### [Task prompt]
Copy each line of the data below exactly, leaving out pictures.

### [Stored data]
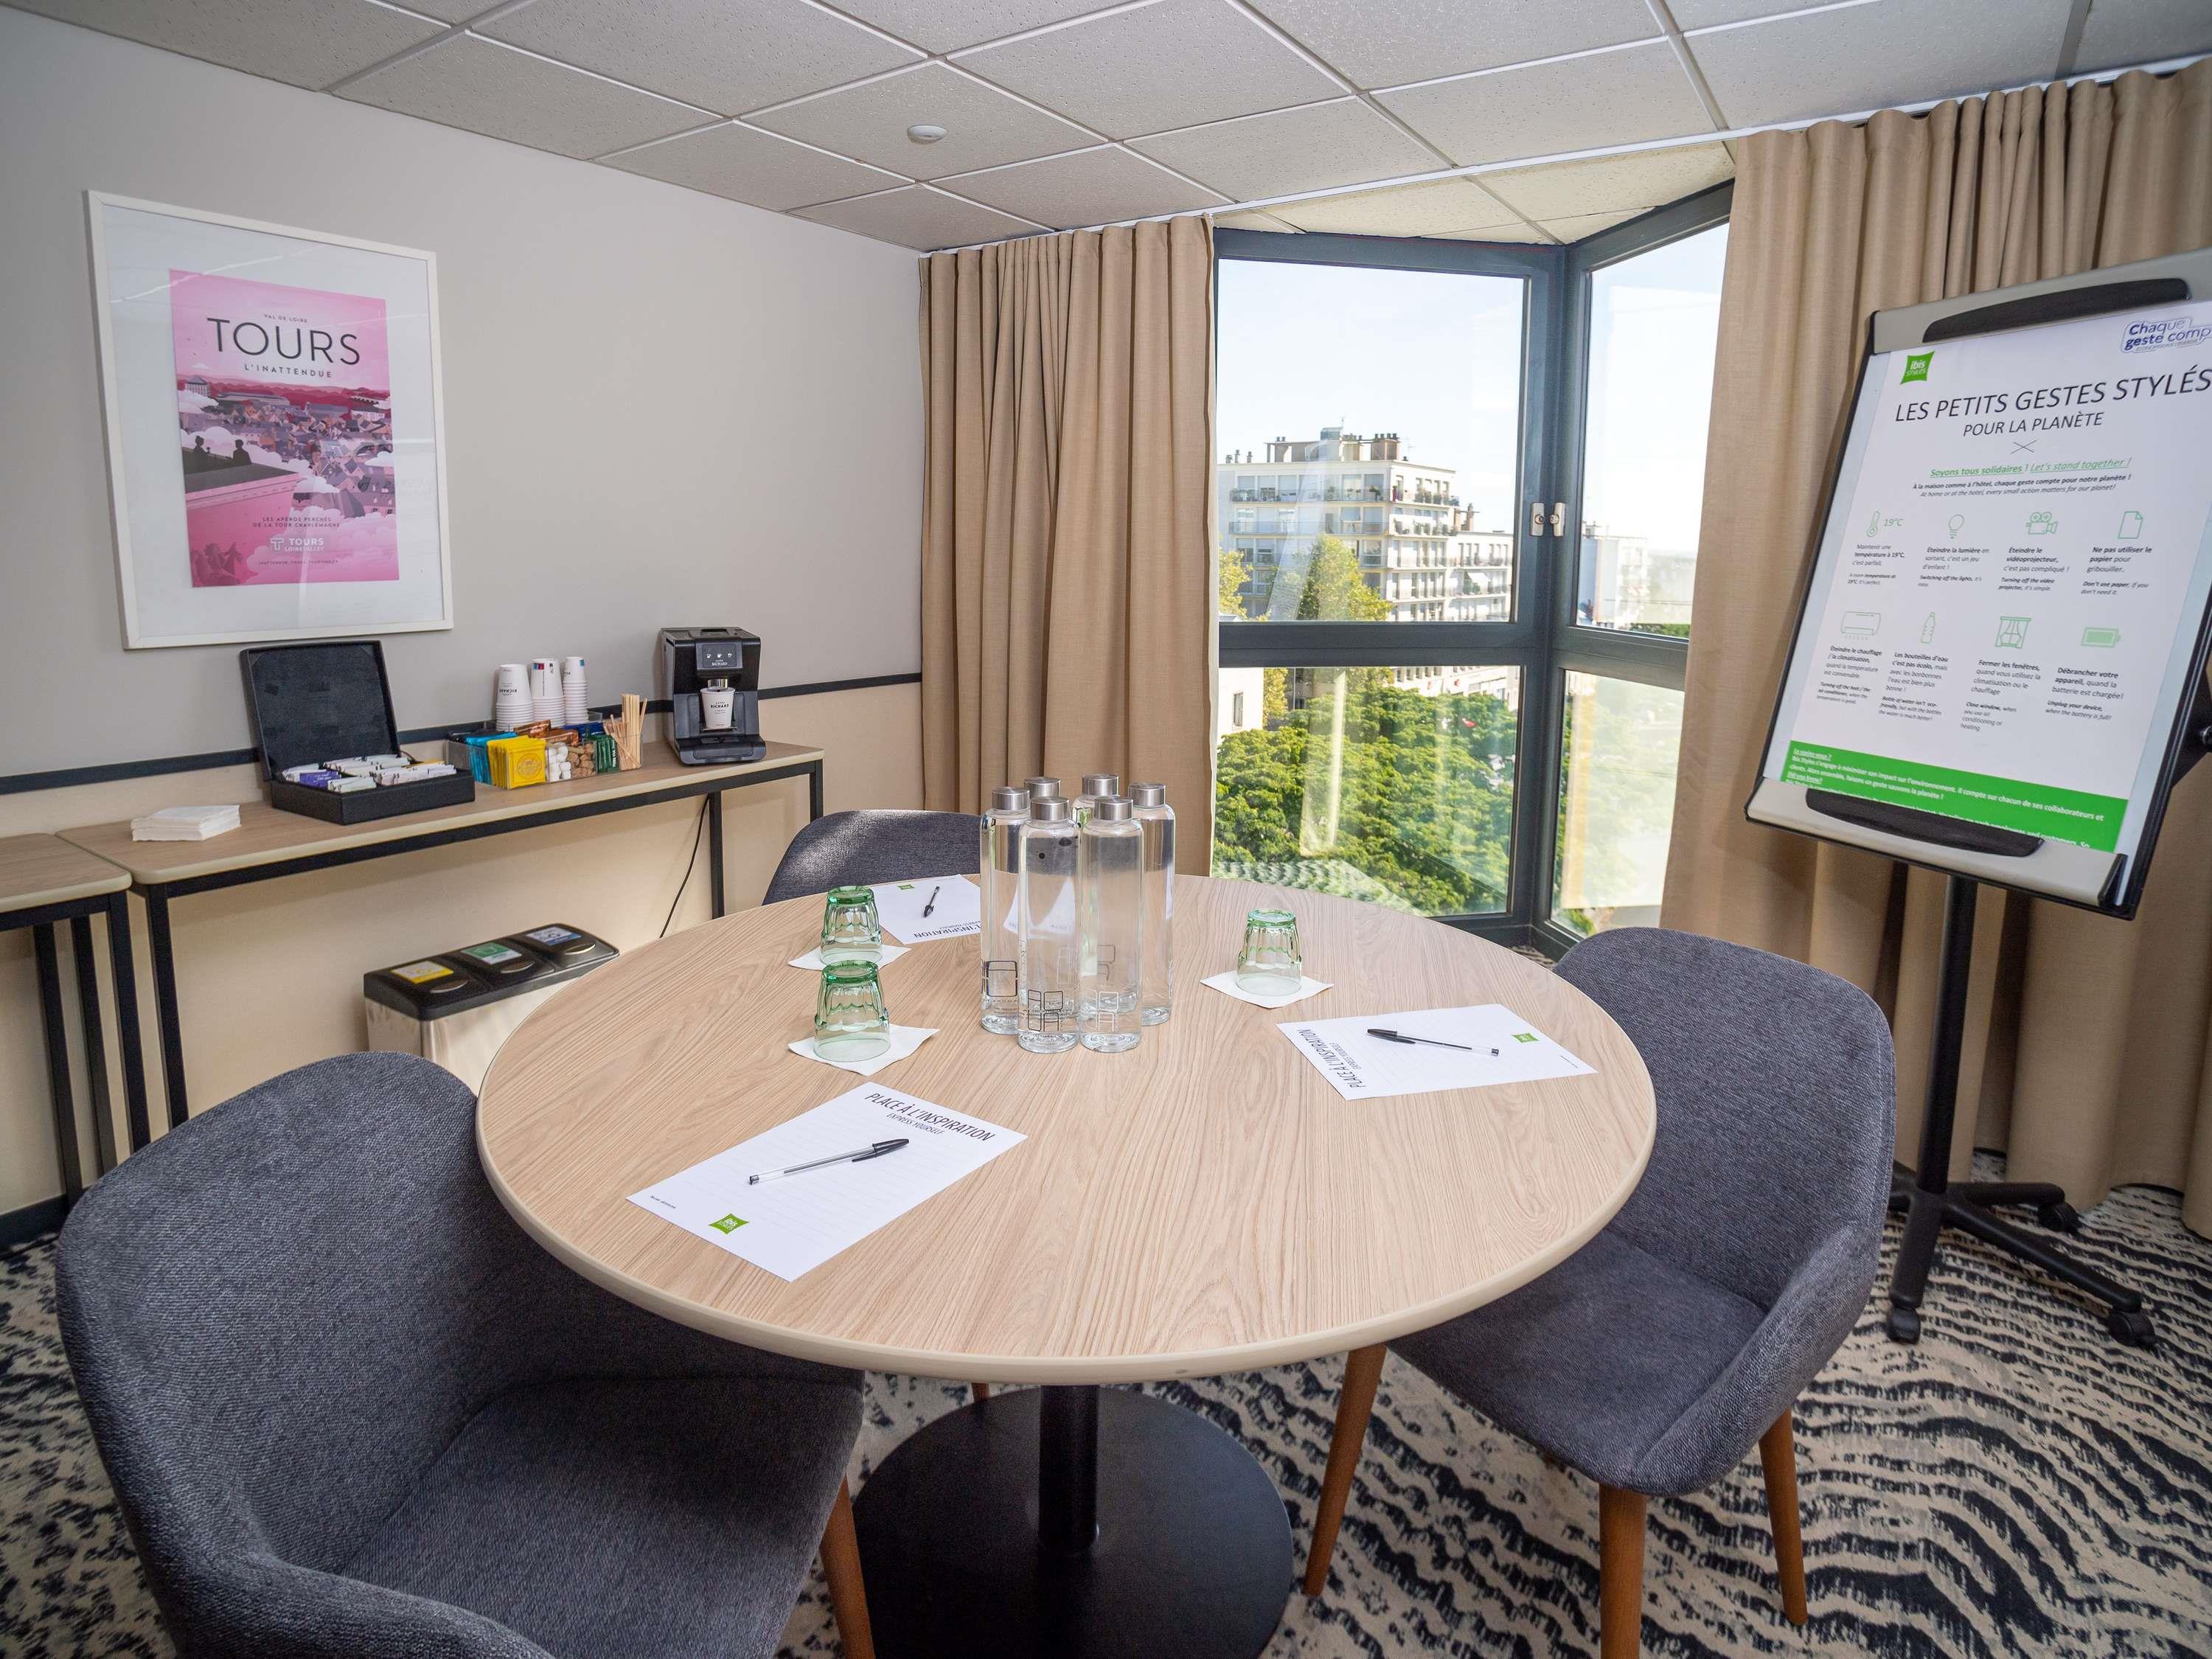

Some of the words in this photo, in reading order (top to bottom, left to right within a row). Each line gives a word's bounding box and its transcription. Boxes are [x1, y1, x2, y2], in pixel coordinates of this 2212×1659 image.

[2129, 320, 2185, 335] Chaque
[207, 318, 360, 365] TOURS
[2124, 335, 2164, 350] geste
[245, 364, 332, 378] L'INATTENDUE
[1910, 360, 1925, 369] ibis
[1895, 402, 1930, 422] LES
[1935, 394, 2008, 418] PETITS
[2015, 382, 2107, 410] GESTES
[2112, 364, 2212, 400] STYLÉS
[1963, 421, 2005, 437] POUR
[2008, 420, 2027, 433] LA
[2032, 411, 2104, 431] PLANÈTE
[1930, 469, 1959, 477] Soyons
[1981, 465, 2023, 474] solidaires
[2031, 463, 2051, 472] Let's
[2053, 461, 2081, 470] stand
[2081, 459, 2125, 470] together
[2065, 484, 2077, 493] for
[1884, 518, 1903, 526] 19°C
[288, 538, 324, 546] TOURS
[1904, 653, 1931, 661] bouteilles
[2057, 667, 2098, 677] Débrancher
[1973, 678, 2011, 686] climatisation
[1971, 686, 2000, 695] chauffage
[2052, 686, 2079, 695] batterie
[1998, 794, 2022, 805] chacun
[2022, 799, 2032, 807] de
[2044, 804, 2096, 819] collaborateurs
[914, 924, 981, 938] L'INSPIRATION
[1297, 1029, 1344, 1066] L'INSPIRATION
[1337, 1071, 1366, 1088] PLACE
[865, 1093, 905, 1110] PLACE
[897, 1103, 916, 1114] À
[908, 1108, 995, 1141] L'INSPIRATION
[886, 1112, 916, 1125] EXPRESS
[913, 1121, 946, 1135] YOURSELF

### [Result for this exercise]
Some of the words in this photo, in reading order (top to bottom, left to right within a row). Each line gives a word's bounding box and its transcription. Boxes are [x1, y1, x2, y2], in pixel coordinates of this 2212×1659 image.

[2129, 320, 2185, 335] Chaque
[207, 318, 360, 365] TOURS
[2124, 335, 2164, 350] geste
[245, 364, 332, 378] L'INATTENDUE
[1910, 360, 1925, 369] ibis
[1895, 402, 1930, 422] LES
[1935, 394, 2008, 418] PETITS
[2015, 382, 2107, 410] GESTES
[2112, 364, 2212, 400] STYLÉS
[1963, 421, 2005, 437] POUR
[2008, 420, 2027, 433] LA
[2032, 411, 2104, 431] PLANÈTE
[1930, 469, 1959, 477] Soyons
[1981, 465, 2023, 474] solidaires
[2031, 463, 2051, 472] Let's
[2053, 461, 2081, 470] stand
[2081, 459, 2125, 470] together
[2065, 484, 2077, 493] for
[1884, 518, 1903, 526] 19°C
[288, 538, 324, 546] TOURS
[1904, 653, 1931, 661] bouteilles
[2057, 667, 2098, 677] Débrancher
[1973, 678, 2011, 686] climatisation
[1971, 686, 2000, 695] chauffage
[2052, 686, 2079, 695] batterie
[1998, 794, 2022, 805] chacun
[2022, 799, 2032, 807] de
[2044, 804, 2096, 819] collaborateurs
[914, 924, 981, 938] L'INSPIRATION
[1297, 1029, 1344, 1066] L'INSPIRATION
[1337, 1071, 1366, 1088] PLACE
[865, 1093, 905, 1110] PLACE
[897, 1103, 916, 1114] À
[908, 1108, 995, 1141] L'INSPIRATION
[886, 1112, 916, 1125] EXPRESS
[913, 1121, 946, 1135] YOURSELF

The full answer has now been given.